(Exercise inputs begins)

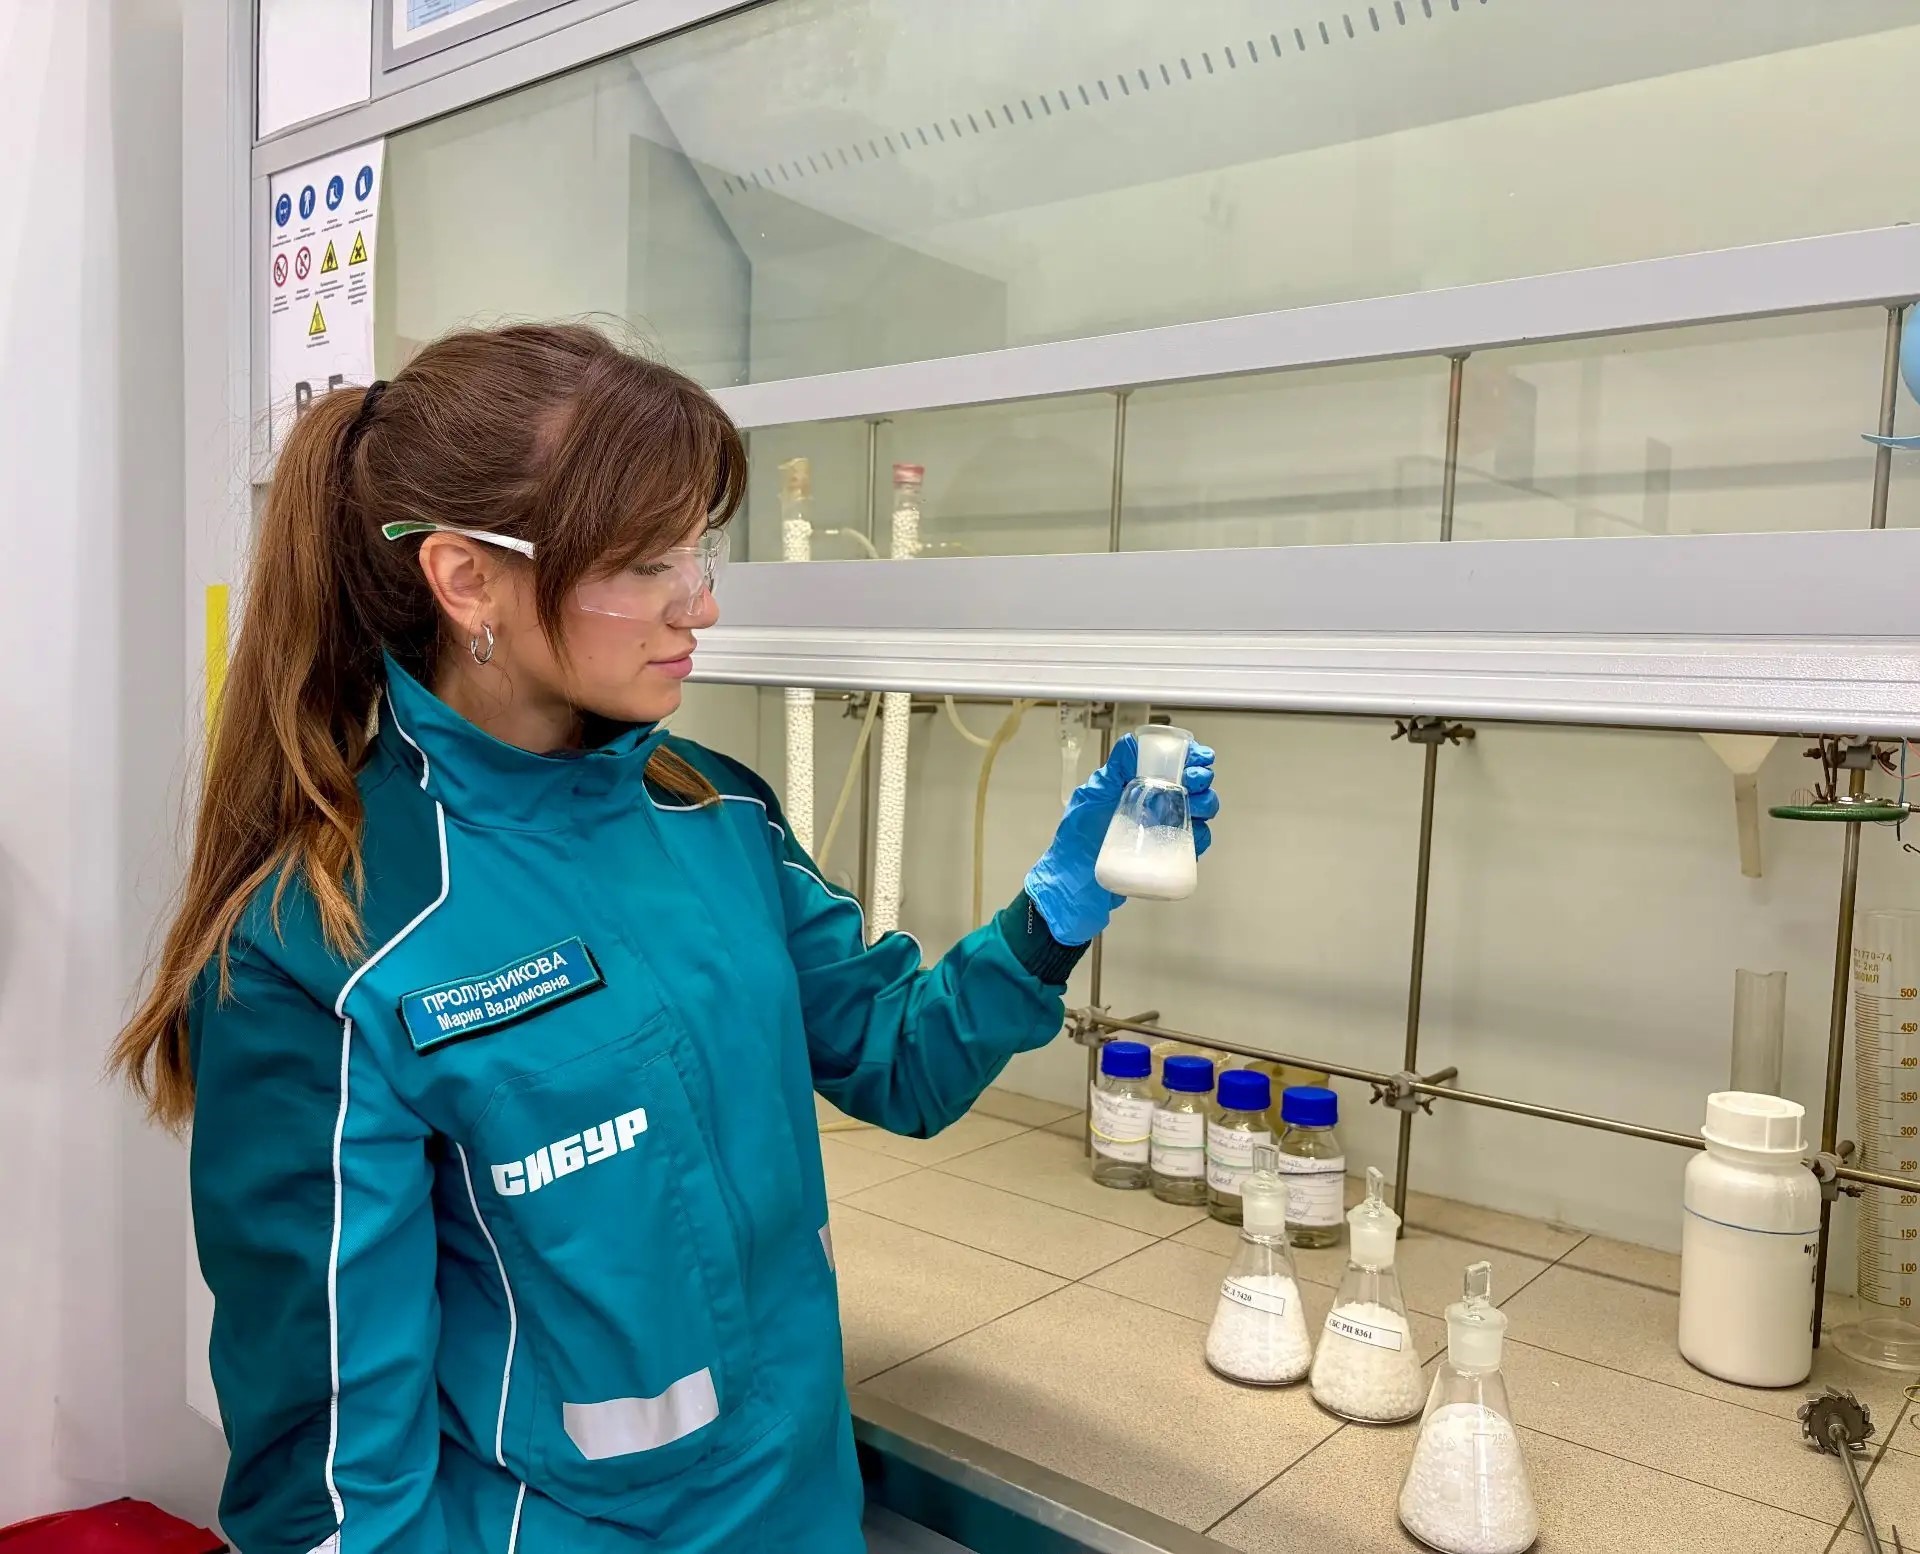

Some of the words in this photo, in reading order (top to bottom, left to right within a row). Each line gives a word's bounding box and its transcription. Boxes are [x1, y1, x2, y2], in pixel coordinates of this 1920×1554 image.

[421, 951, 568, 1014] ПРОЛУБНИКОВА
[1900, 988, 1918, 998] 500
[436, 1007, 484, 1031] Мария
[484, 974, 570, 1018] Вадимовна
[1900, 1023, 1918, 1032] 450
[1900, 1057, 1918, 1067] 400
[1900, 1092, 1918, 1102] 350
[1900, 1127, 1918, 1136] 300
[490, 1107, 648, 1196] СИБУР
[1900, 1161, 1917, 1170] 250
[1900, 1196, 1917, 1204] 200
[1901, 1230, 1917, 1238] 150
[1901, 1263, 1917, 1272] 100
[1900, 1297, 1911, 1307] 50
[1354, 1327, 1373, 1340] 8361
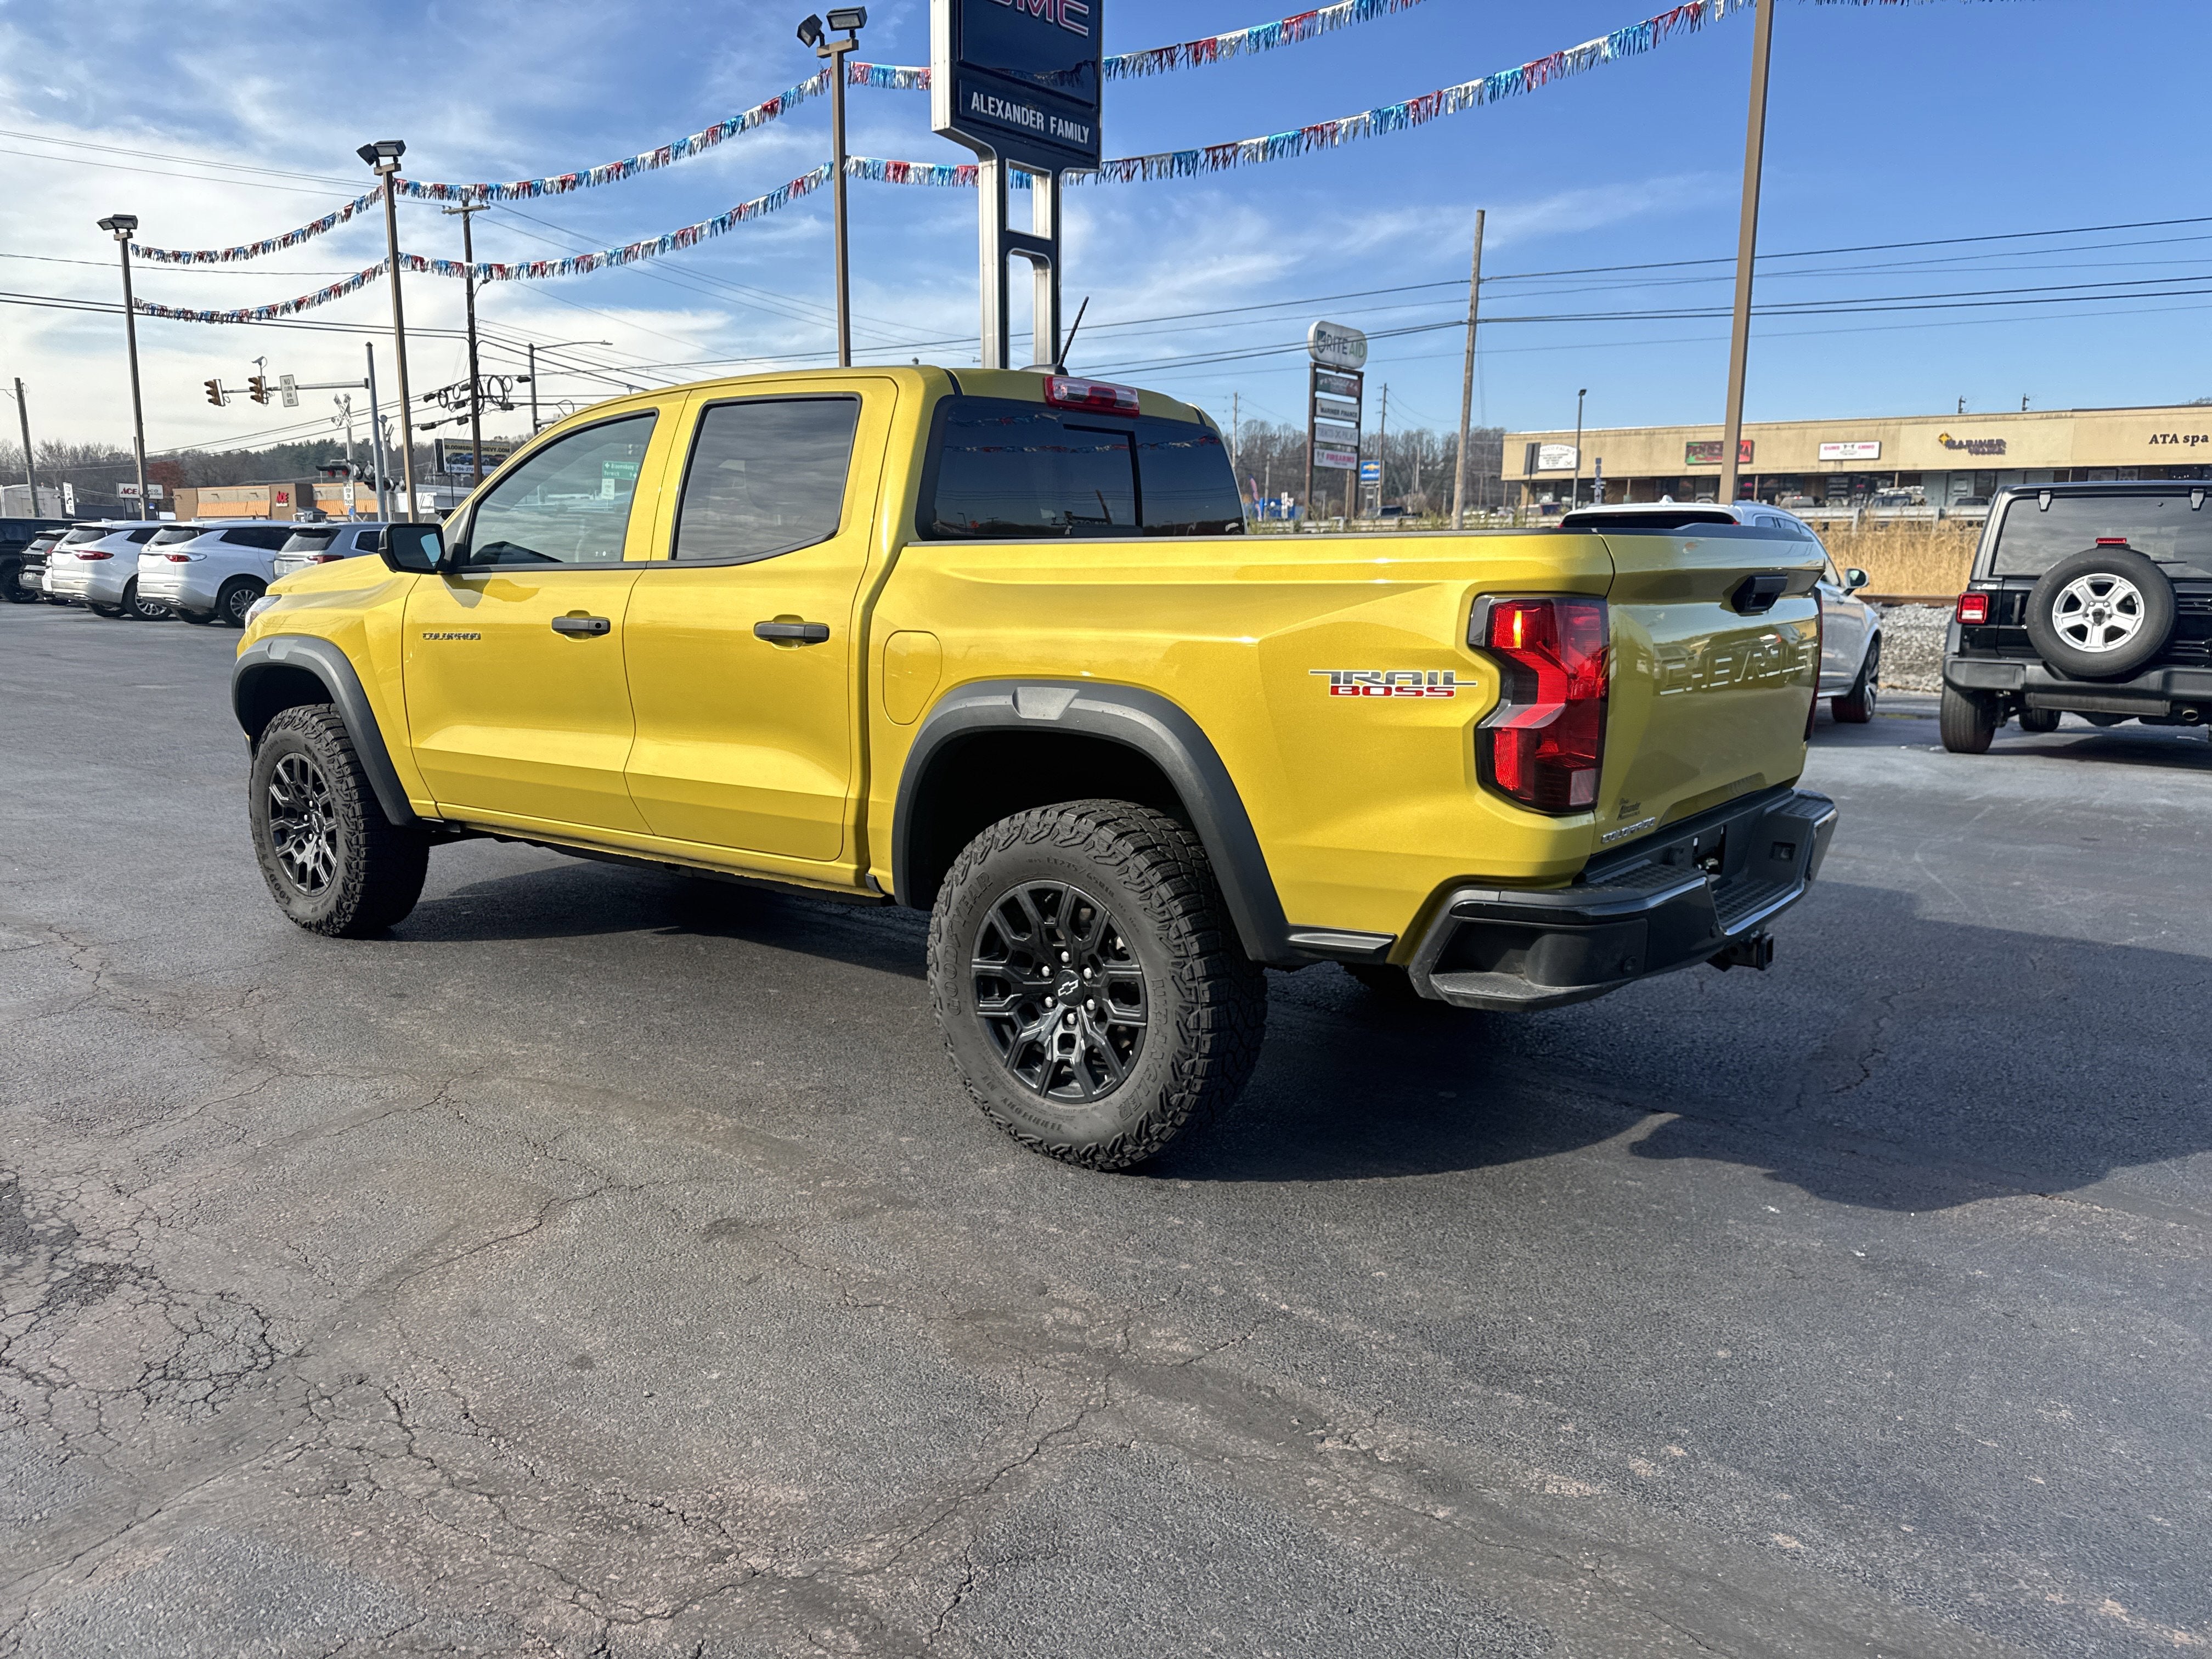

(Exercise inputs ends)

The entries are to be printed exactly as written; the pictures are to be left out.

• Problem solution:
Some of the words in this photo, in reading order (top to bottom, left to right within a row). Each line gives a word's bounding box and its transcription. Boxes are [x1, y1, x2, y2], in pixel coordinates of this 1920×1554 image.

[421, 951, 568, 1014] ПРОЛУБНИКОВА
[1900, 988, 1918, 998] 500
[436, 1007, 484, 1031] Мария
[484, 974, 570, 1018] Вадимовна
[1900, 1023, 1918, 1032] 450
[1900, 1057, 1918, 1067] 400
[1900, 1092, 1918, 1102] 350
[1900, 1127, 1918, 1136] 300
[490, 1107, 648, 1196] СИБУР
[1900, 1161, 1917, 1170] 250
[1900, 1196, 1917, 1204] 200
[1901, 1230, 1917, 1238] 150
[1901, 1263, 1917, 1272] 100
[1900, 1297, 1911, 1307] 50
[1354, 1327, 1373, 1340] 8361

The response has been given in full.